Noting that the author of the column places great reliance on the “infamous” 2016 Production Sharing Agreement, as that Agreement imposes upon the Minister, a number of obligations in respect of the payment of taxes to the GRA on petroleum production, Nandlall argued that those provisions in the Agreement have obviously been overtaken by the Natural Resource Fund Act.
“It is a very rudimentary principle of law that if a contract conflicts with a Statute, the Statute shall prevail. Moreover, the Natural Resource Fund Act itself has a supremacy provision. It is Section 45. It provides: `in the event of any inconsistency between the provisions of this Act and the provisions of any other law on fiscal matters and financial management, or between the provisions of the Act and the terms of a petroleum license, the provisions of this Act shall prevail.’” Nandlall said that this section is intended to and shall override every other taxing Statute on the matter.

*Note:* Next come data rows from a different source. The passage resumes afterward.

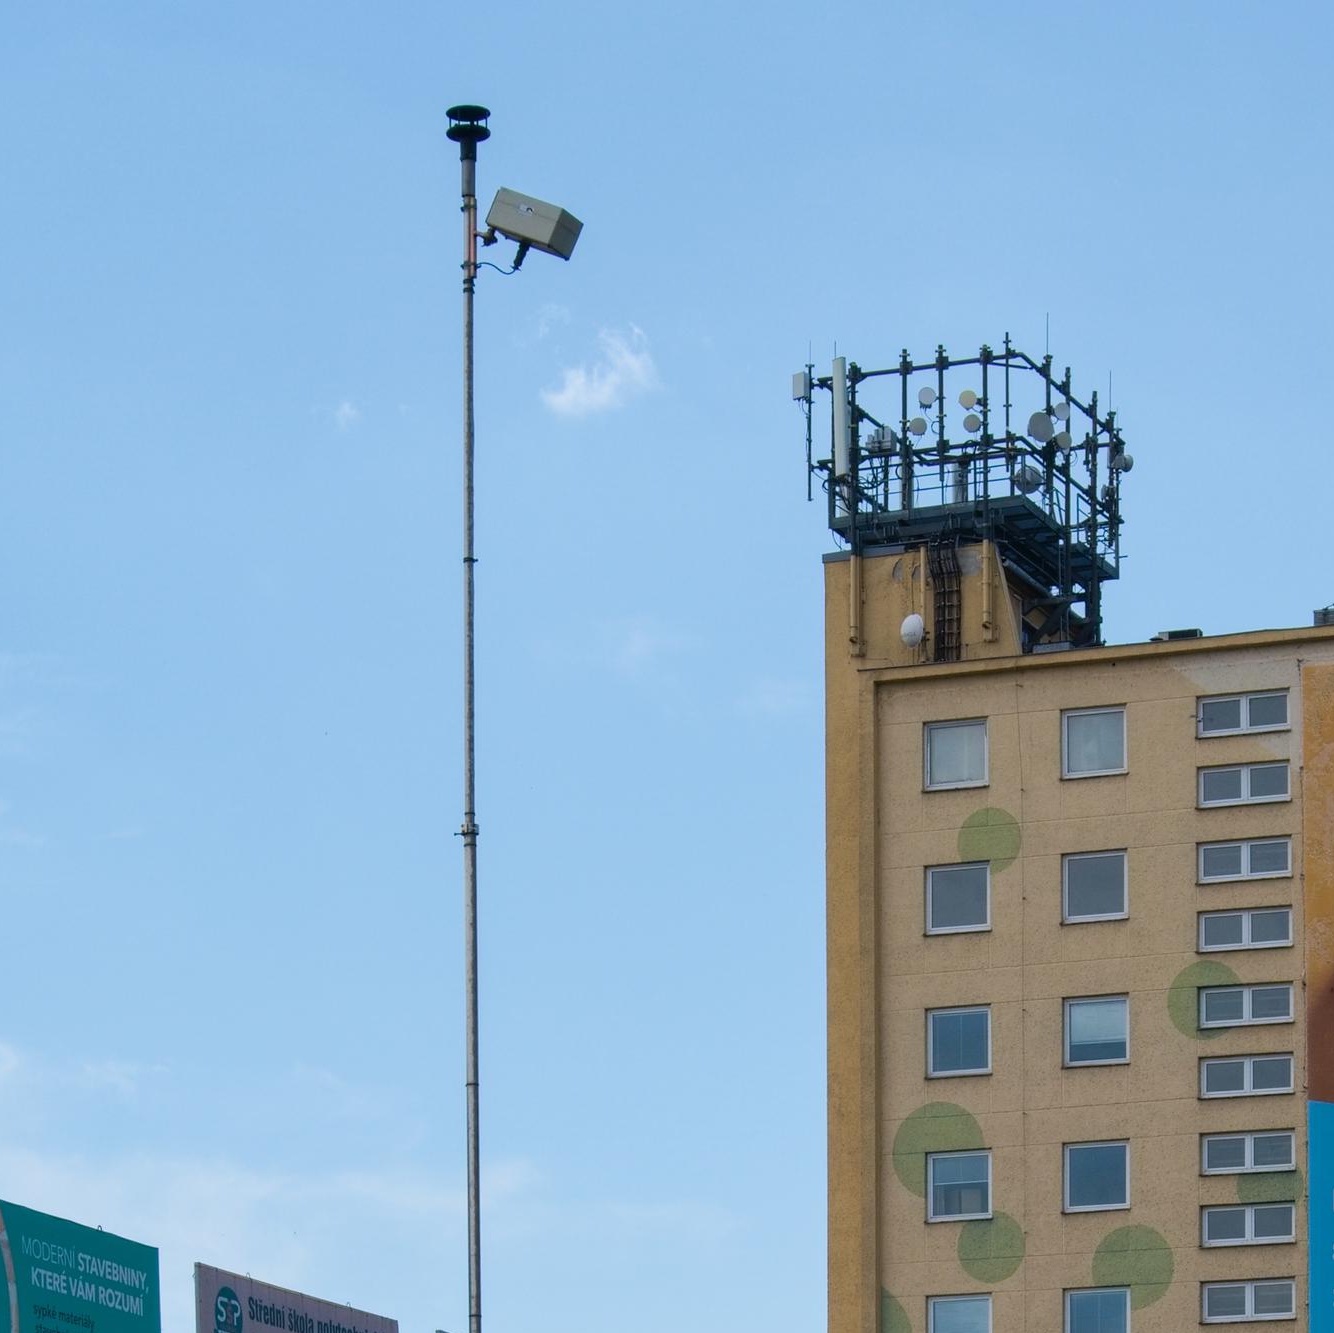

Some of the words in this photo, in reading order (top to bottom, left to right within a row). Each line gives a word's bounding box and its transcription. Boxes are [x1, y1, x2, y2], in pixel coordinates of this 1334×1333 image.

[21, 1234, 76, 1270] MODERNÍ
[78, 1252, 149, 1294] STAVEBNINY,
[31, 1266, 68, 1295] KTERÉ
[69, 1276, 96, 1303] VÁM
[98, 1286, 144, 1317] ROZUMÍ
[248, 1296, 286, 1331] Střední

Additionally, he said that it is public knowledge that when the 2016 Agreement was secretly executed here was no fiscal framework to regulate petroleum revenues and therefore, the extant framework at the time would have applied.
“That regime is what is set out in the Agreement. A new one has now been created. It finds expression by legislation. It must prevail as the law of the land. No agreement can stand in its path. If there is any conflict or inconsistency, even with existing legislation, the draughtsman has put that to rest by the crystal language of Section 45”, the Attorney General declared.